EF Hutton Acquisition Corporation I Opens Window for Stockholder Redemption Reversals

NEW YORK, NY / ACCESSWIRE / December 7, 2023 / EF Hutton Acquisition Corporation I (the "Company" or "EFHT") (NASDAQ:EFHT), a special purpose acquisition company formed by affiliates of EF Hutton LLC, a leading middle market investment bank, today provided an update regarding stockholder redemptions.

On December 5, 2023, the Company's public stockholders holding 3,470,945 shares, out of a total of 3,492,647 shares of common stock held by public stockholders, submitted requests to redeem their public shares for a pro rata portion of the trust account holding proceeds from the Company's initial public offering (the "Trust Account") in connection with the stockholder vote for the in connection with the Company's meeting of stockholders scheduled for December 7, 2023 at 10:30 a.m. Eastern Time (the "Meeting"). The Meeting was called to have stockholders approve the Company's planned business combination with Humble Imports Inc. d/b/a ECD Auto Design ("ECD"). As a result of the redemption requests there currently are approximately 21,702 shares of common stock held by public stockholders. As of November 30, 2023, there was approximately $38,239,170 in the Trust Account. Based upon the amount in the Trust Account as of November 30, 2023, the Company estimates that the per share redemption price, assuming withdrawals from income earned on funds in the Trust Account to pay franchise and income taxes owed by the Company will be approximately $10.75.

The Company will be accepting requests by any such redeeming public stockholders to withdraw their previously submitted redemption requests until 12:00 p.m. Eastern Time on December 8, 2023.

Stockholders who wish to withdraw their previously submitted redemption requests may do so by contacting the Company's transfer agent Continental Stock Transfer & Trust Company, LLC at Attn: Mark Zimkind, Email: spacredemptions@continentalstock.com.

About EF Hutton Acquisition Corporation I

EFHT is a blank check company formed for the purpose of effecting a merger, amalgamation, share exchange, asset acquisition, share purchase, reorganization, or similar business combination with one or more businesses.

About Humble Imports, Inc. d/b/a ECD Auto Design

ECD is a creator of restored luxury vehicles that combines classic English beauty with modern performance. Each vehicle produced by ECD is fully bespoke, a one-off that is designed by the client through an immersive luxury design experience and hand-built from the ground up in 2,200 hours by master-certified ASE craftsmen. The company was founded in 2013 by three British "petrol heads" whose passion for classic vehicles is the driving force behind exceptionally high standards for quality, custom luxury vehicles. ECD's global headquarters, known as the "Rover Dome," is a 100,000-square-foot facility located in Kissimmee, Fla. that is home to 63 talented craftsmen and technicians, who hold a combined 61 ASE and five master level certifications. ECD has a logistics center in the U.K. where its seven employees work to source and transport 25-year-old work vehicles to the U.S. for restoration. 
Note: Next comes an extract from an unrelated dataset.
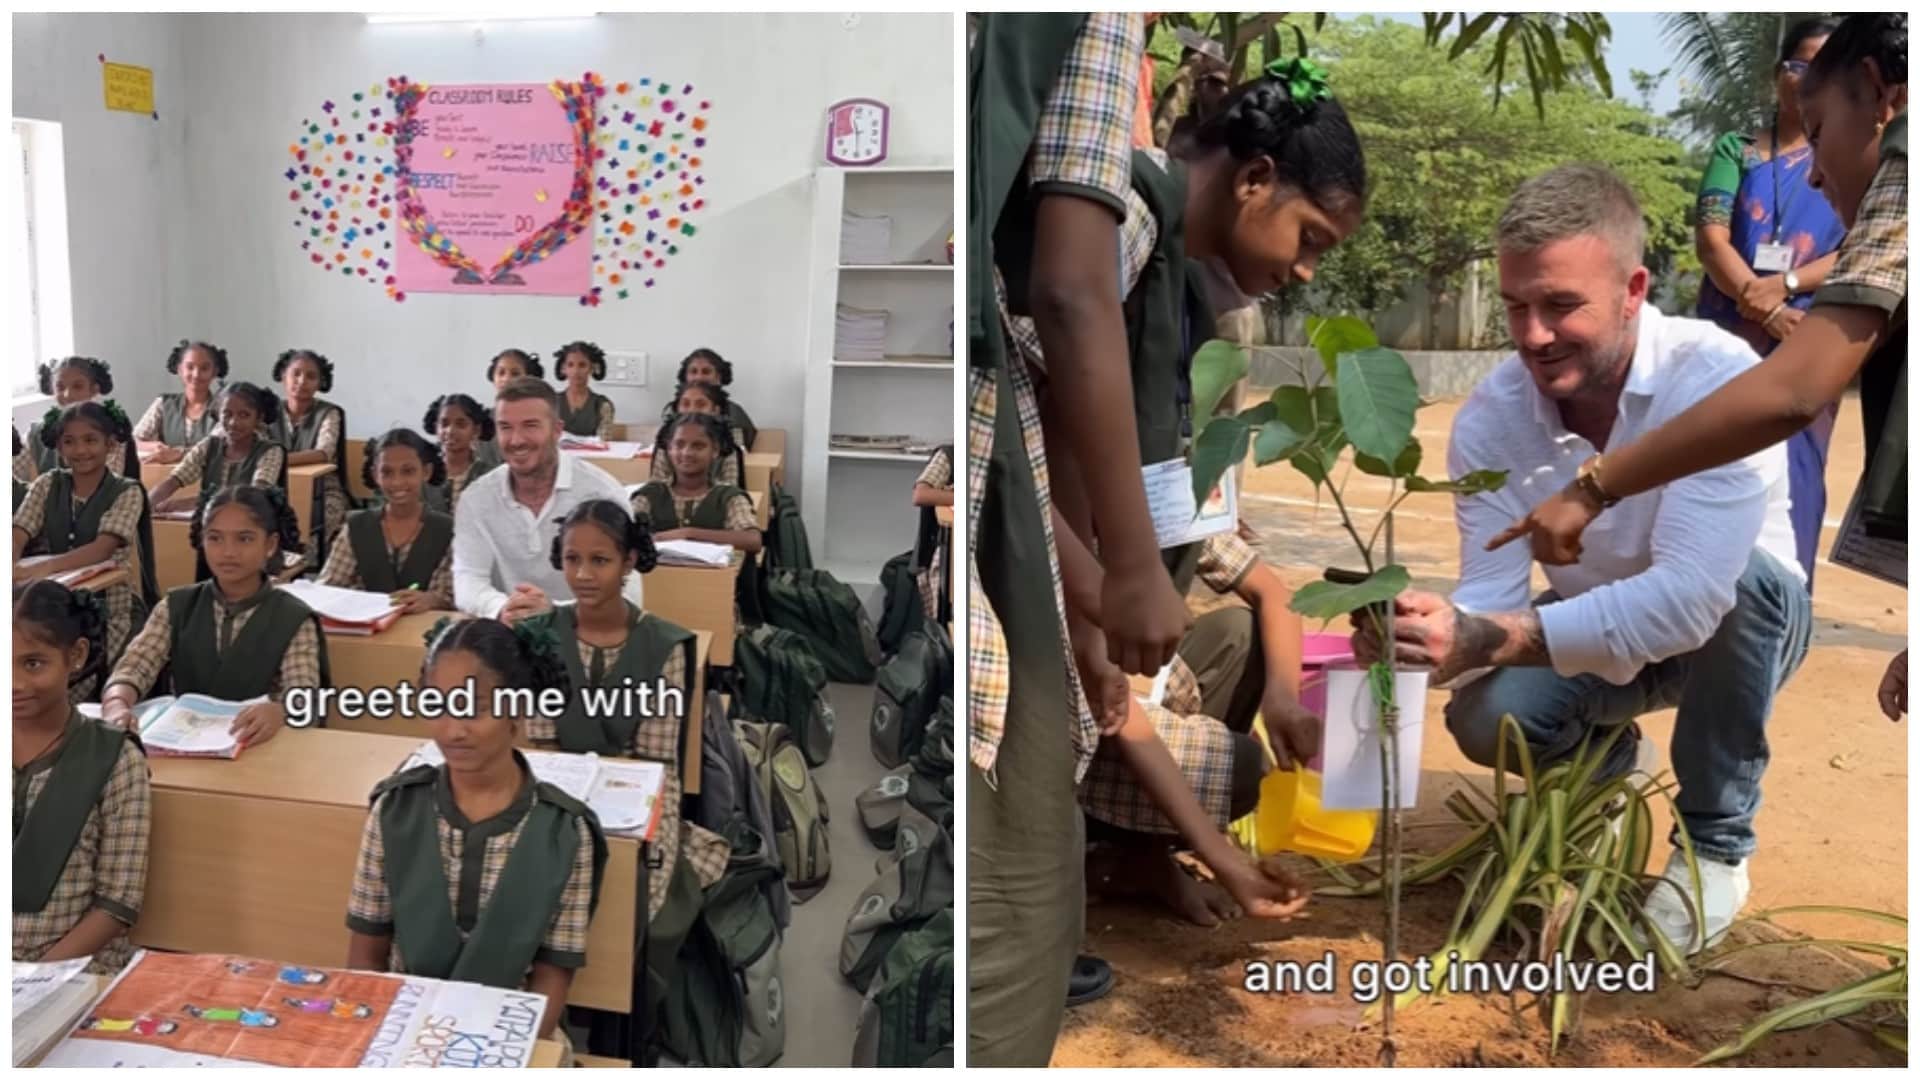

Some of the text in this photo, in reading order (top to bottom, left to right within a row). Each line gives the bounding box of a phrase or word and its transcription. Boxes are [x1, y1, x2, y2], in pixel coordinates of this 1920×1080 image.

[427, 88, 534, 105] CLASSROOM RULES
[514, 214, 535, 233] DO
Important Information About the Proposed Business Combination and Where to Find It

In connection with the proposed Business Combination, ECD and EFHT have filed relevant materials with the SEC, including a registration statement on Form S-4 and a proxy statement on Schedule 14A, including a preliminary proxy statement and a definitive proxy statement. EFHT's stockholders and other interested persons are advised to read, when available, the preliminary proxy statement and the amendments thereto and the definitive proxy statement and documents incorporated by reference therein filed in connection with the proposed Business Combination, as these materials will contain important information about ECD and EFHT, and the proposed Business Combination. Promptly after filing its definitive proxy statement relating to the proposed Business Combination with the SEC, EFHT has mailed the definitive proxy statement and a proxy card to each stockholder entitled to vote at the special meeting on the Business Combination and the other proposals. Stockholders will also be able to obtain copies of the preliminary proxy statement, the definitive proxy statement, and other relevant materials filed with the SEC that will be incorporated by reference therein, without charge, once available, at the SEC's website at www.sec.gov.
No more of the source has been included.